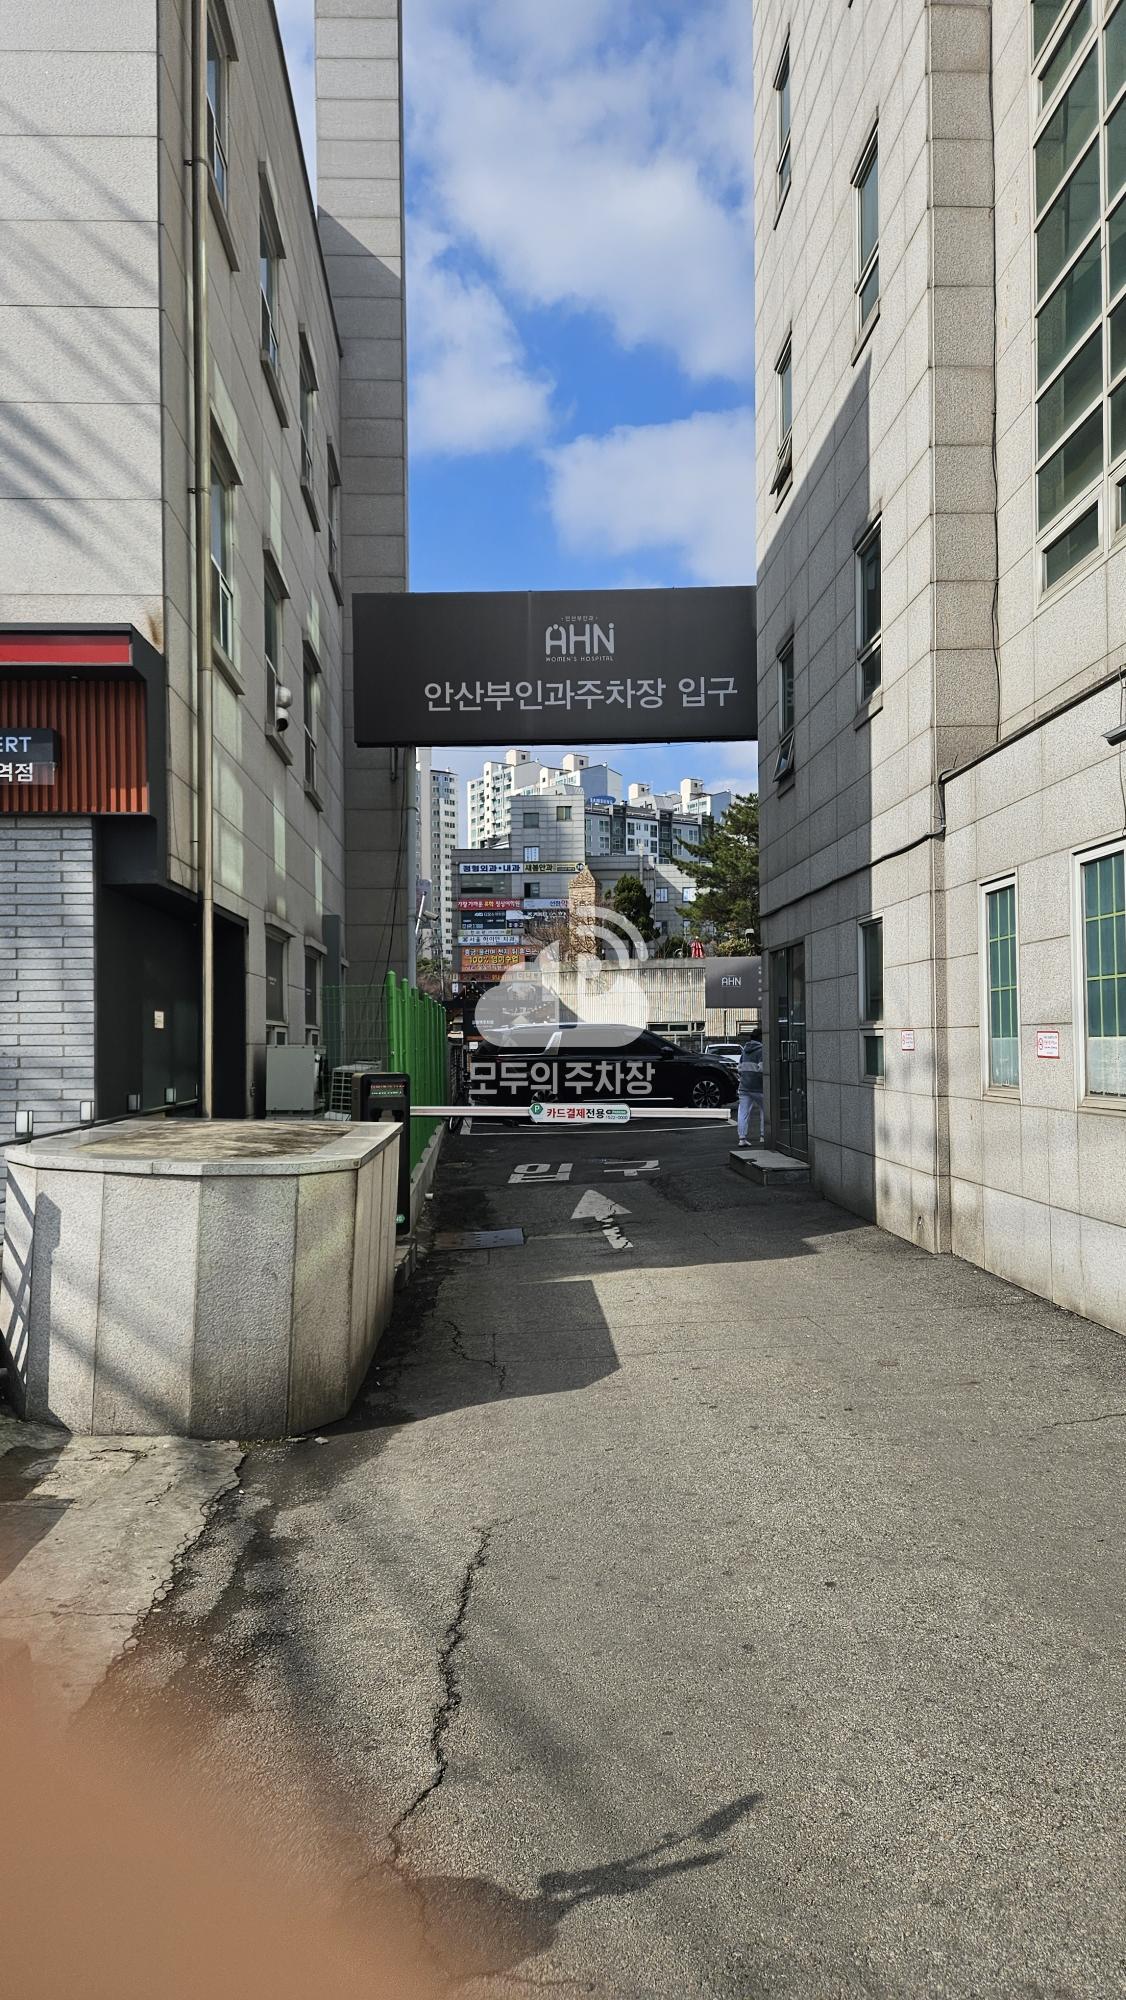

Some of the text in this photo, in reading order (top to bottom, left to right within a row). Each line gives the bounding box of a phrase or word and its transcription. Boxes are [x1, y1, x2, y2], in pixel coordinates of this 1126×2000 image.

[545, 622, 615, 655] AHN
[424, 676, 738, 712] 안산부인과주차장 입구
[721, 976, 742, 986] AHN
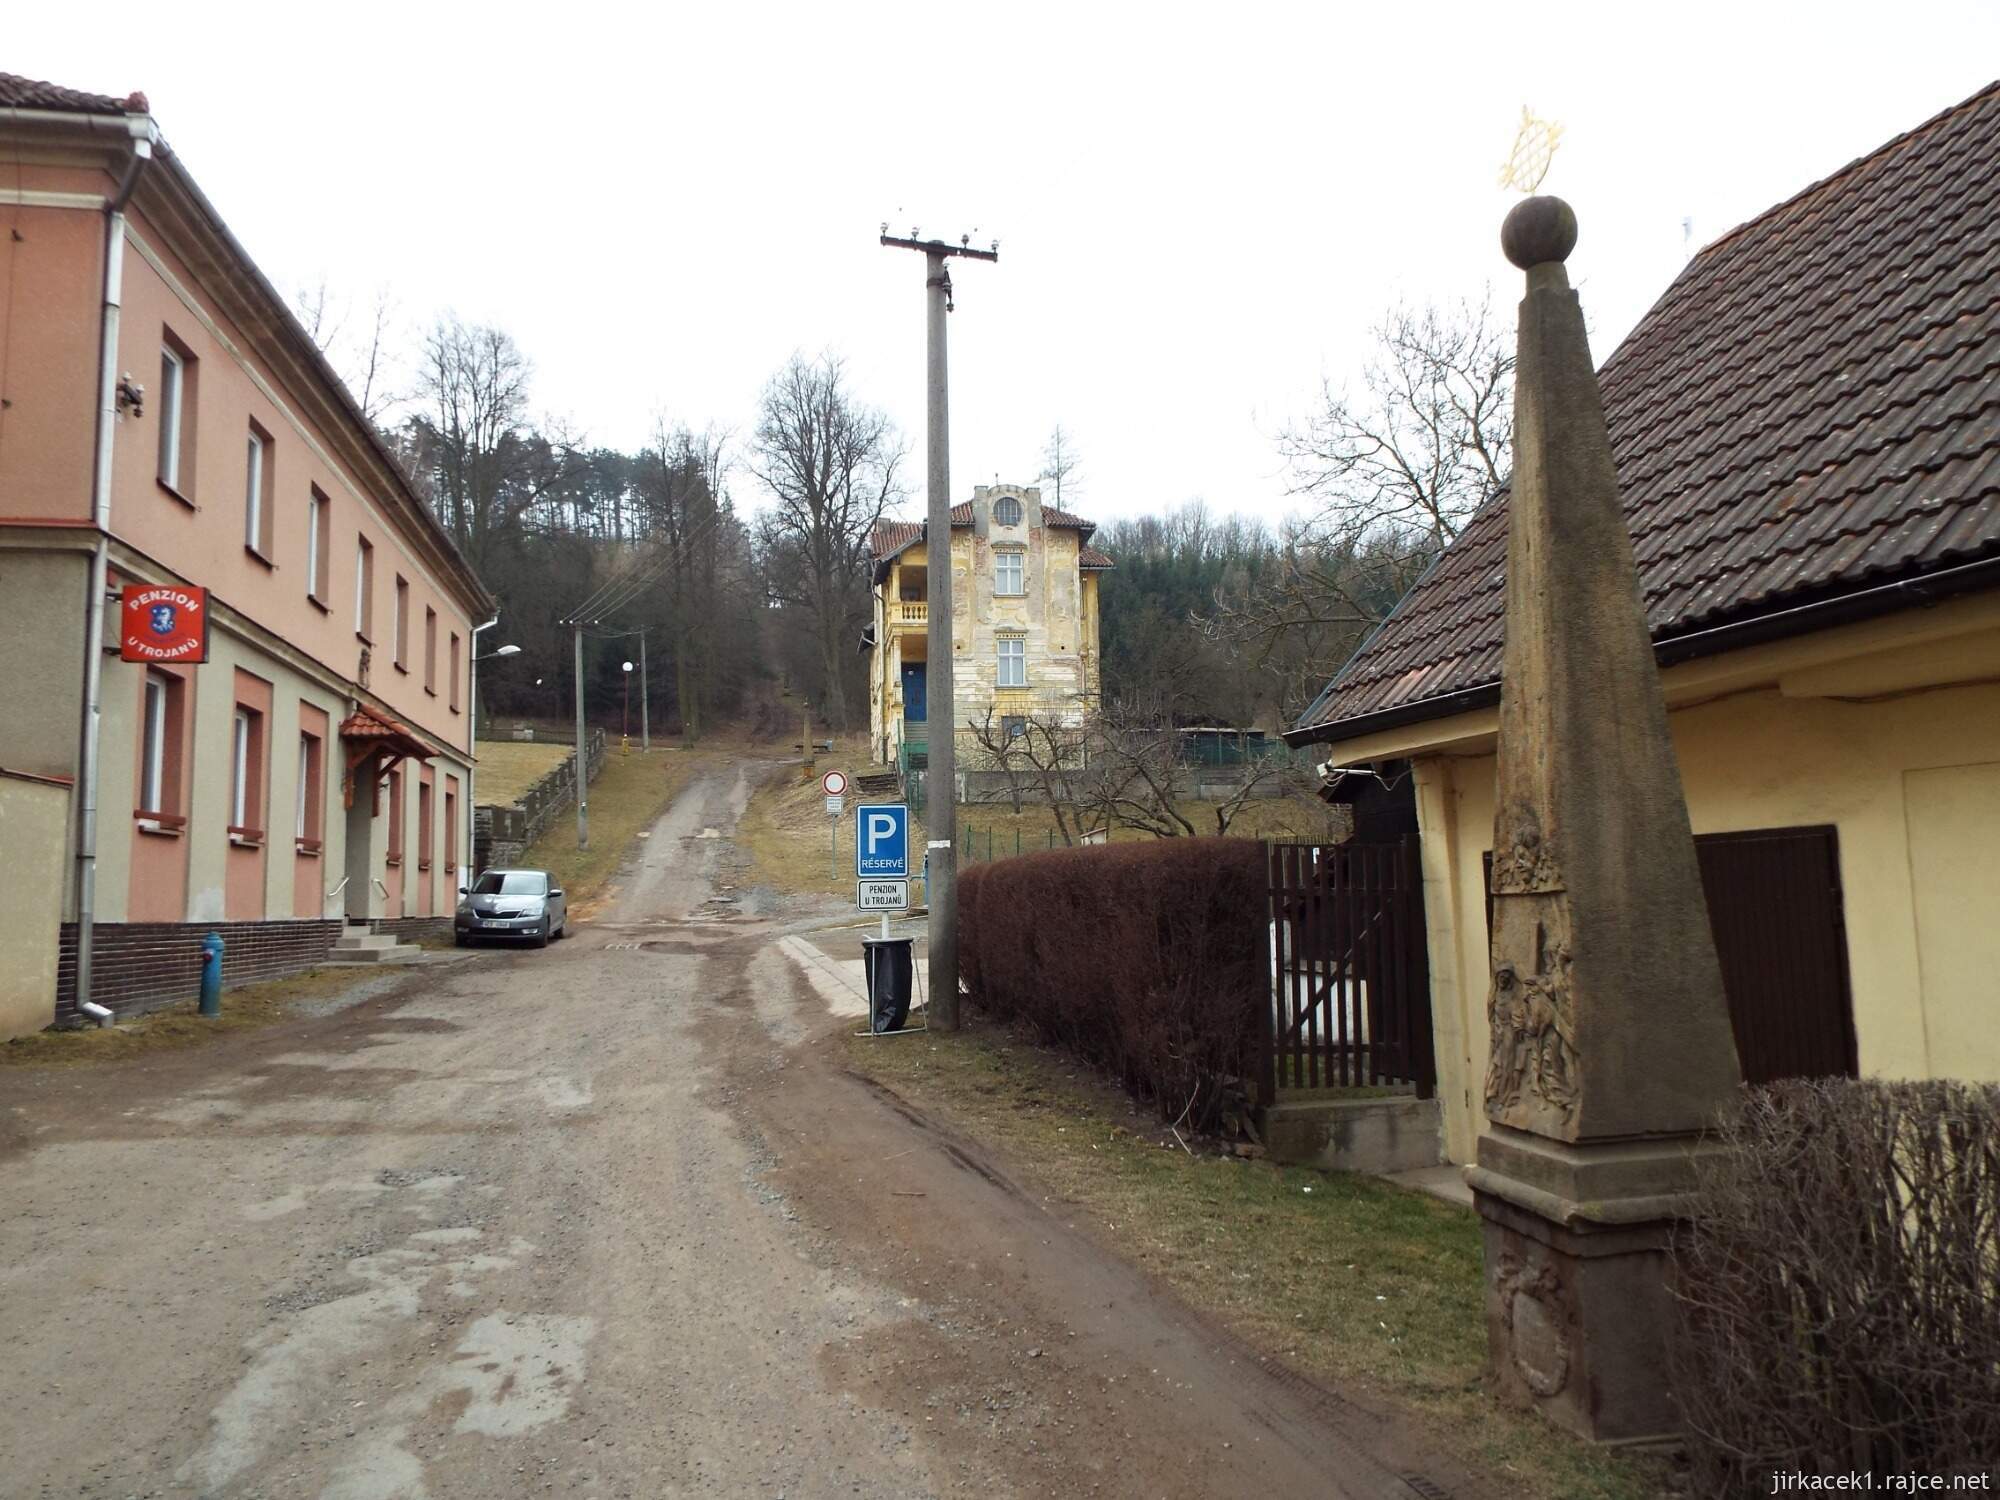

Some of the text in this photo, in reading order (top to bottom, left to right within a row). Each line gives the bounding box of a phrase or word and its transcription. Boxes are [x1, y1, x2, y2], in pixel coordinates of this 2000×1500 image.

[129, 590, 199, 612] PENZION
[127, 636, 139, 646] U
[868, 813, 897, 854] P
[861, 857, 904, 869] RÉSERVÉ
[869, 885, 897, 894] PENZION
[865, 895, 902, 905] U TROJANŮ

:::

# WORK TASK
Output a verbatim copy of the entries and skip the pictures.

# SOLUTION TO THIS PROBLEM
Some of the text in this photo, in reading order (top to bottom, left to right within a row). Each line gives the bounding box of a phrase or word and its transcription. Boxes are [x1, y1, x2, y2], in pixel coordinates of this 1126×2000 image.

[545, 622, 615, 655] AHN
[424, 676, 738, 712] 안산부인과주차장 입구
[721, 976, 742, 986] AHN

Some of the text in this photo, in reading order (top to bottom, left to right within a row). Each line gives the bounding box of a phrase or word and its transcription. Boxes are [x1, y1, x2, y2], in pixel coordinates of this 2000×1500 image.

[129, 590, 199, 612] PENZION
[127, 636, 139, 646] U
[868, 813, 897, 854] P
[861, 857, 904, 869] RÉSERVÉ
[869, 885, 897, 894] PENZION
[865, 895, 902, 905] U TROJANŮ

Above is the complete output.